Gary Stevenson’s Analysis: The Truth About Billionaire Wealth

The Breakthrough Insight (2011)

Gary Stevenson, a working-class trader from East London, made his breakthrough insight in 2011. As he told Espiner, he began asking people a simple question: “Why don’t you spend more money?” The answer from ordinary families was inevitable: “I don’t have any more money to spend.”[https://www.rnz.co.nz/news/national/579275/30-with-guyon-espiner-economist-gary-stevenson-on-why-new-zealand-should-tax-the-rich]
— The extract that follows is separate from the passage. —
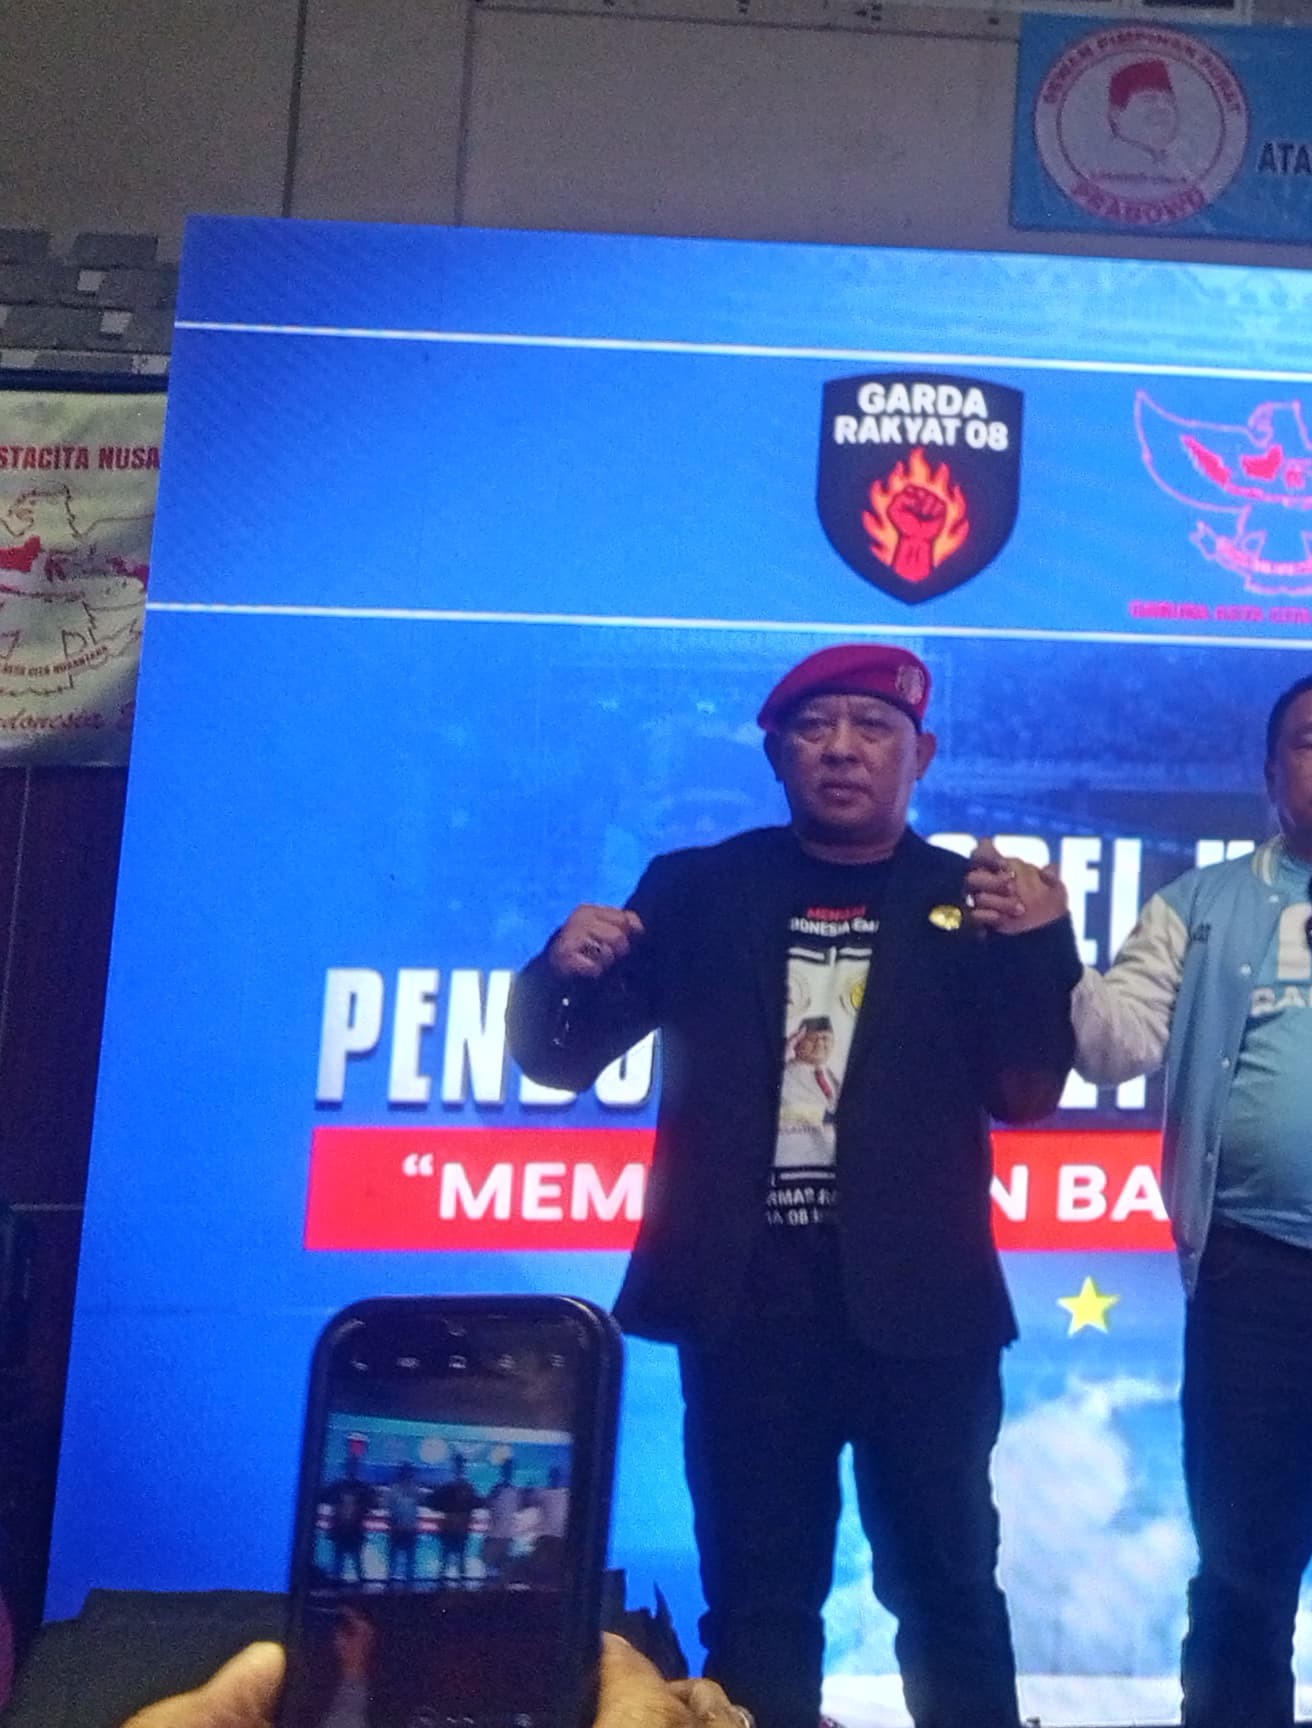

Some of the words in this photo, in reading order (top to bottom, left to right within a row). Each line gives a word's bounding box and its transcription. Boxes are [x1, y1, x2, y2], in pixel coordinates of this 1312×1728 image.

[857, 382, 989, 419] GARDA
[833, 415, 962, 447] RAKYAT
[964, 420, 1009, 451] 08
Stevenson then looked at his own friends’ financial situations. “What I saw in 2011,” he explained, “was my parents’ generation, you know, ordinary people, not with exceptional jobs or degrees, owning property, buying houses. And then what I saw in my generation was kids with a degree, advanced education, who would never be able to own property.”[https://www.rnz.co.nz/news/national/579275/30-with-guyon-espiner-economist-gary-stevenson-on-why-new-zealand-should-tax-the-rich] He observed: “Families going from being property-owning families to non-property-owning families.”[https://www.rnz.co.nz/news/national/579275/30-with-guyon-espiner-economist-gary-stevenson-on-why-new-zealand-should-tax-the-rich]
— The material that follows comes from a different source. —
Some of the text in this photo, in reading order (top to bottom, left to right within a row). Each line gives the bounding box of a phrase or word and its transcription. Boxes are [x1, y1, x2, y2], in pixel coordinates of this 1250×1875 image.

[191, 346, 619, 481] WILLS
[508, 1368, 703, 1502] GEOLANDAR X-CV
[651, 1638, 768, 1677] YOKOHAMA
He then made the leap that separated him from mainstream economists. If people couldn’t spend because they had no assets, and interest rates were supposed to stimulate spending through asset effects, then the problem was inequality itself. Low interest rates work only if people have assets to appreciate. If wages collapse and property ownership becomes impossible, no policy trick works.

Stevenson bet on this insight—aggressively—and “became City Bank’s most profitable trader in the world”[https://www.rnz.co.nz/news/business/597262/gary-stevenson] in 2011, earning £35 million in profit and a $400,000-plus bonus.

His trade thesis was simple:

the economy would stagnate because ordinary people were being systematically impoverished while the wealthy hoarded all assets.

The Billionaire Problem: “They Own Your Country”

By 2025, Stevenson’s cure for the problem is unambiguous: wealth taxes.

His argument is direct. Billionaires do not earn wealth through work; they extract it through ownership. As he stated to Espiner: “These people are not making money from their work. They are making money because they own your country. They own your land. They own your natural resources. They own your property. They own your mortgages, that own your debt, you have to make a choice basically. Do you want the people who own your country to pay tax or not to pay tax?”.

The capital flight argument—that wealth taxes cause billionaires to flee—Stevenson dismisses as a sophisticated lie. When the UK government sanctioned Russian oligarch Roman Abramovich (owner of Chelsea Football Club) after the Ukraine invasion, “He’s on the first flight to Moscow. But because he is a billionaire, what does he own? Chelsea Football Club, a massive football club here in London. But what do we do? We just freeze the asset. We freeze the cash flows.”

You cannot flee your real estate. You cannot flee your mortgages. You cannot flee your land. “These very, very wealthy people, they own assets in your country. They own your land. They own your property. They own your mortgages. You can tax them whether they leave or not.]

The Wealth Tax Solution

Stevenson advocates for a wealth tax on assets over approximately £10 million (roughly NZ$20 million), citing successful models like France’s former ISF (Impôt de Solidarité sur la Fortune). New Zealand’s Green Party has adopted a 2.5% wealth tax on assets over $2 million.[https://www.rnz.co.nz/news/national/579275/30-with-guyon-espiner-economist-gary-stevenson-on-why-new-zealand-should-tax-the-rich]

France’s wealth tax, despite being abolished in 2018-2019, functioned for 27 years (1990-2017), raising €4.42 billion in 2007 alone—1.5% of tax revenue.[https://en.wikipedia.org/wiki/Solidarity_tax_on_wealth] While some capital flight occurred, the data refutes the narrative of catastrophic exodus: wealth tax revenue roughly quadrupled from €1.0 billion (1990) to €4.2 billion (2017), while nominal GDP only doubled.[https://piketty.pse.ens.fr/]

The fundamental argument: “If you don’t do anything, if you leave the system as it is, then wealth inequality will increase very rapidly. What that means is the rich get richer and richer, and everybody else loses their assets. What that means is ordinary families can’t afford to buy homes, ordinary families need to take enormous amounts of debt.”[https://www.rnz.co.nz/news/national/579275/30-with-guyon-espiner-economist-gary-stevenson-on-why-new-zealand-should-tax-the-rich]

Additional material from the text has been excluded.